One British critic, in reviewing the rugby year of 2017, felt the British & Irish Lions owed their drawn series against the All Blacks to the referees.
While many northern reactions rated the Lions tour such a success because the series was drawn, former 37-Test England prop Jeff Probyn wrote in The Rugby Paper the Lions tour had been a disappointment to him, in spite of it being hailed as a wonderful success, because the referees and not the players decided the results of two of the three Tests.
“Apart from the sending off of Sonny Bill Williams in the second Test and the denial of a penalty to New Zealand for offside against Ken Owens in the final seconds of the drawn third Test, there were decisions which I felt distinctly helped the Lions,” he said.
His view on standards between the hemispheres was interesting. He believed the addition of the Cheetahs and Kings into the PRO14 competition proved that Sanzaar team rugby standards were no better than those in Britain and Ireland. This, in spite of the fact, the two sides were lowly performers in Investec Super Rugby.

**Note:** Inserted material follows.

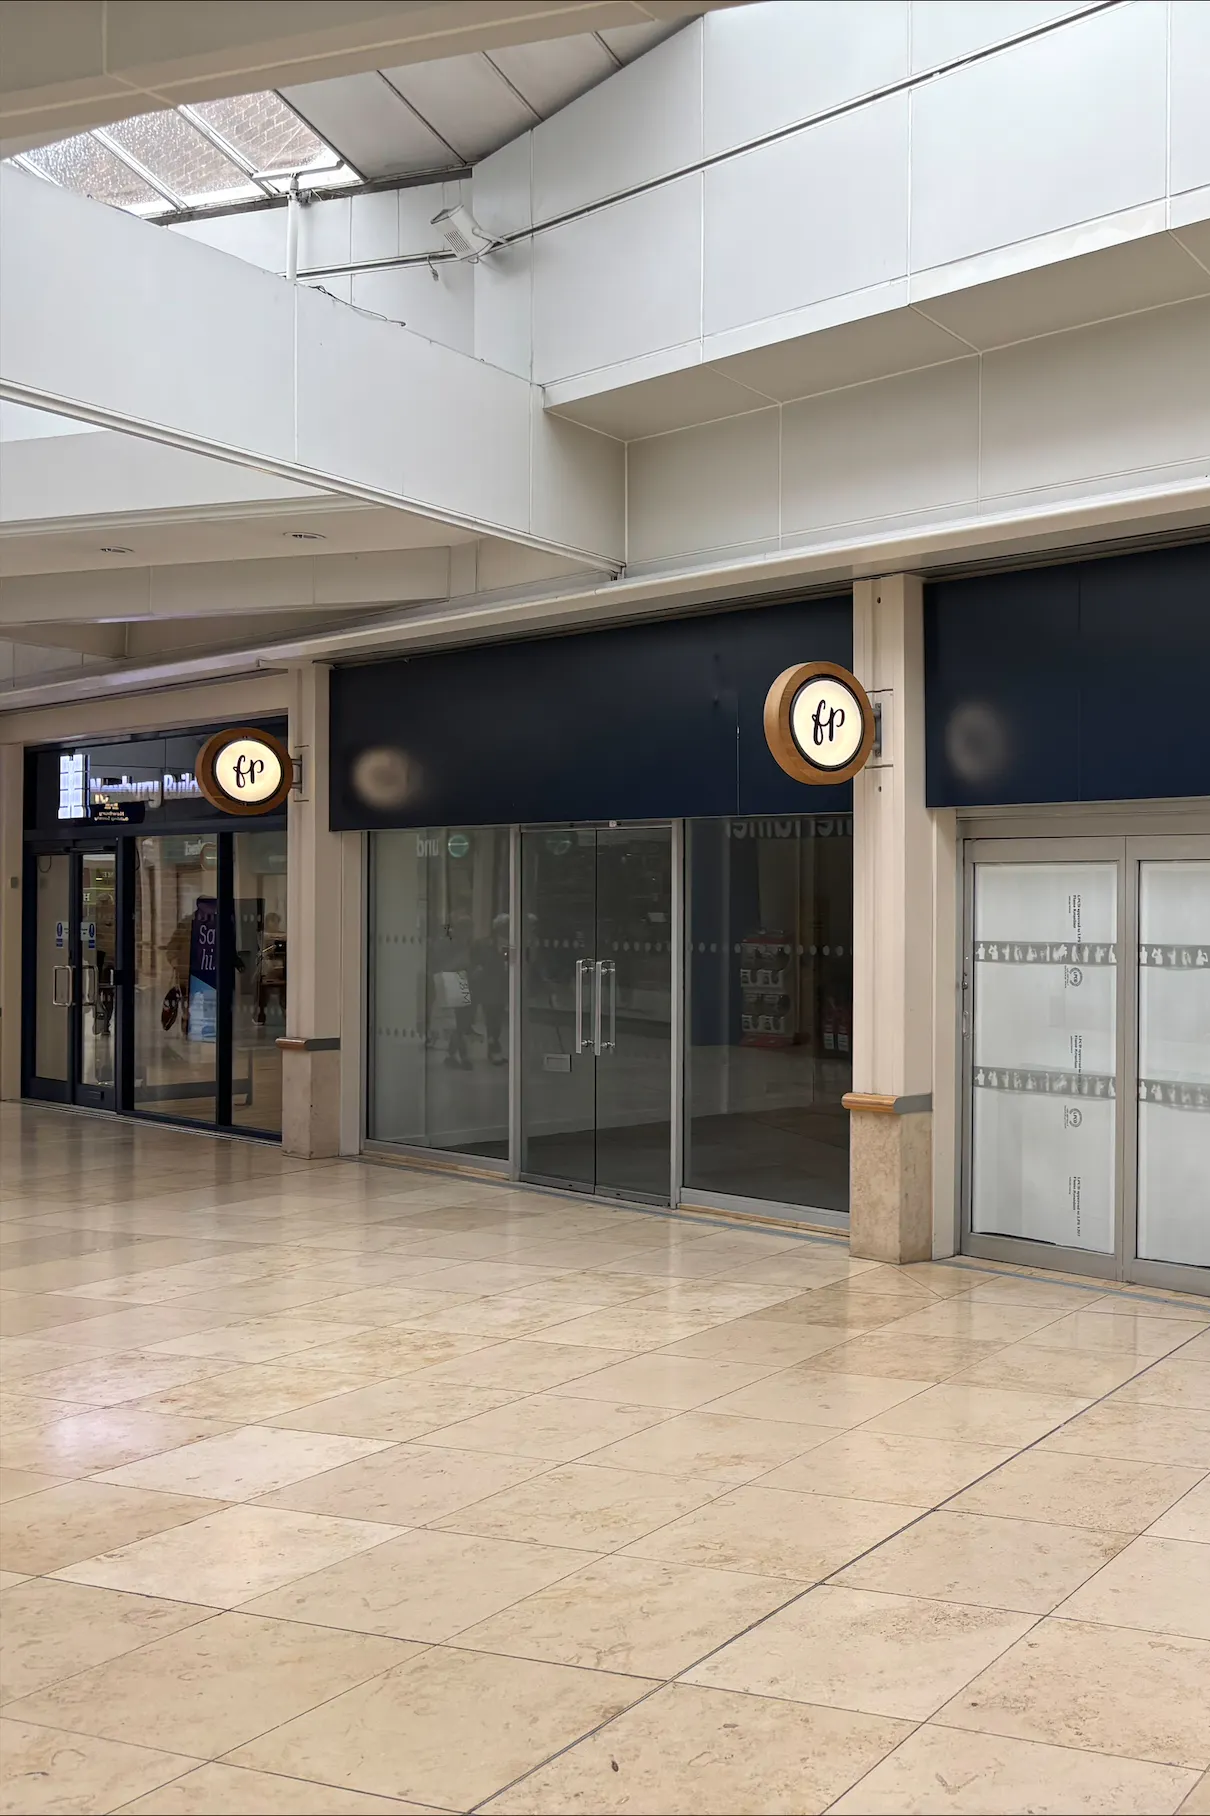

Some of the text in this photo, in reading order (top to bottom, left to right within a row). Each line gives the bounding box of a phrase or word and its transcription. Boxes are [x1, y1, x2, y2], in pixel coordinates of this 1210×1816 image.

[812, 700, 845, 746] fp
[233, 755, 264, 788] fp
[199, 925, 216, 945] Sa

“The rise of the north has been partly down to an improved performance by our teams, but also a marked decline in the strength of the Southern Hemisphere game,” he said.

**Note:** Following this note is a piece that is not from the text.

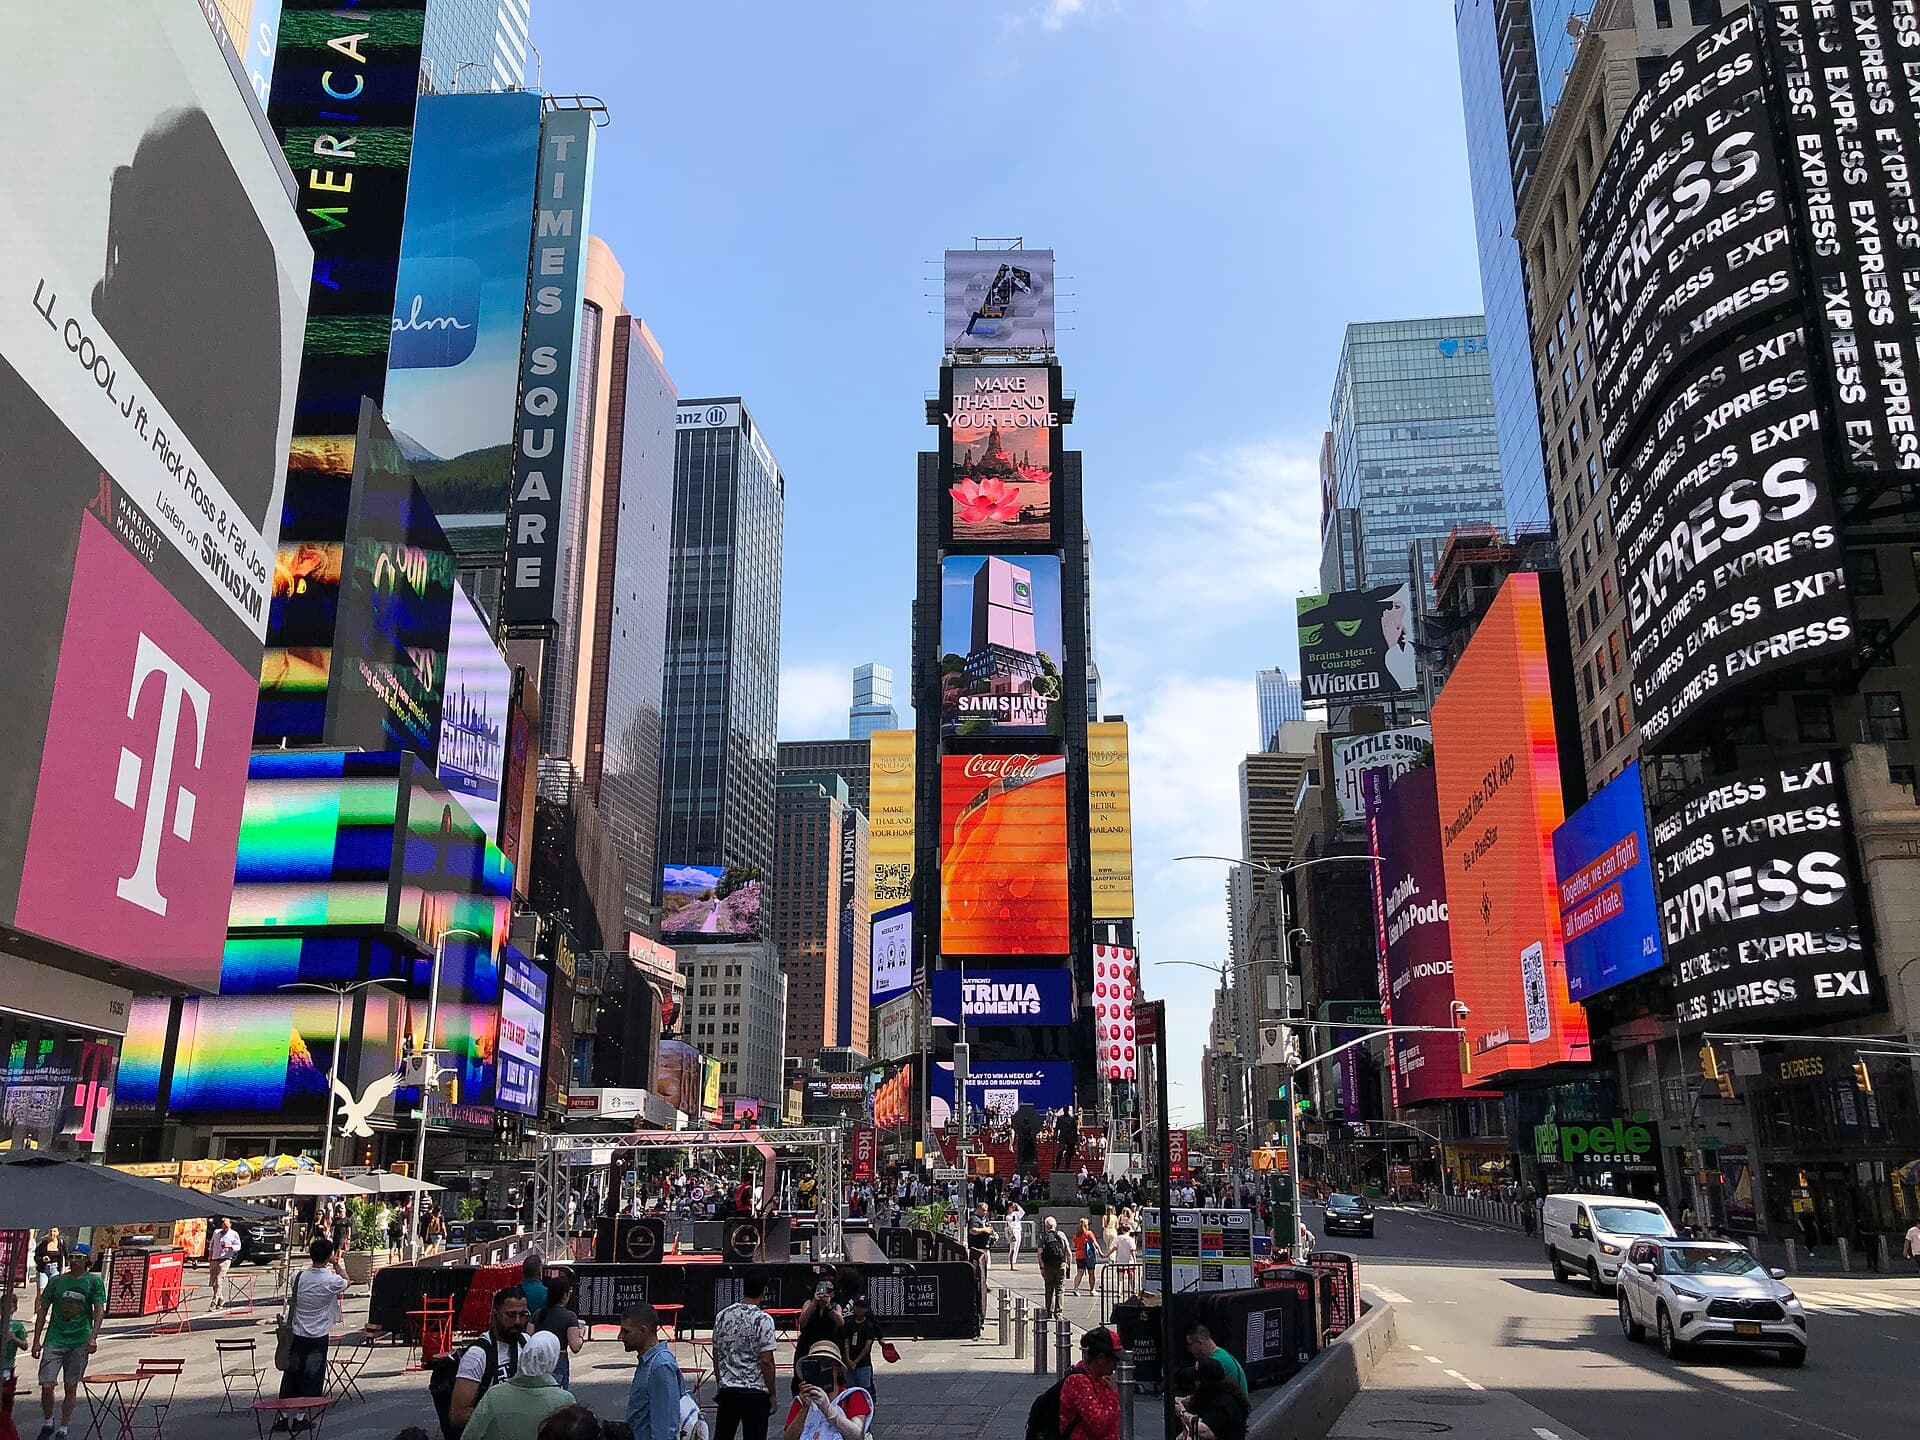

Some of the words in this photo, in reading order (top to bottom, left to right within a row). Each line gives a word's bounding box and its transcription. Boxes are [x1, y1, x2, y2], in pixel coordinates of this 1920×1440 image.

Australia had financial and logistical problems while South Africa was ‘fractured by the politics of the past’.
“Despite coach Allister Coetzee’s best efforts, as long as the quota system remains it will be impossible for anyone to say when and if South Africa will ever be competitive again.
“Only New Zealand have continued to perform at the levels we have come to expect when facing the Sanzaar nations, but they have begun to look more vulnerable,” he said.
Probyn didn’t say if that was due to the absence of key players during the year, or because of the introduction of new players to Test rugby and the expansion of the All Blacks’ playing base.
However, an offshoot of the Lions tour had been the way players who had missed out on selection lifted their games for the November international series.
Probyn was frustrated that problems still abounded with the ball not being fed straight into scrums.
“Despite some doubtful attempts by World Rugby to address issues at the scrum, nothing has been done to enforce this law and as a result, the technical skills once needed in the front row have been diminished to a level where size seems to be all that counts,” he said.
Probyn also believed that the Television Match Official, originally introduced as an aid to the referee, had now become almost more important than the referee.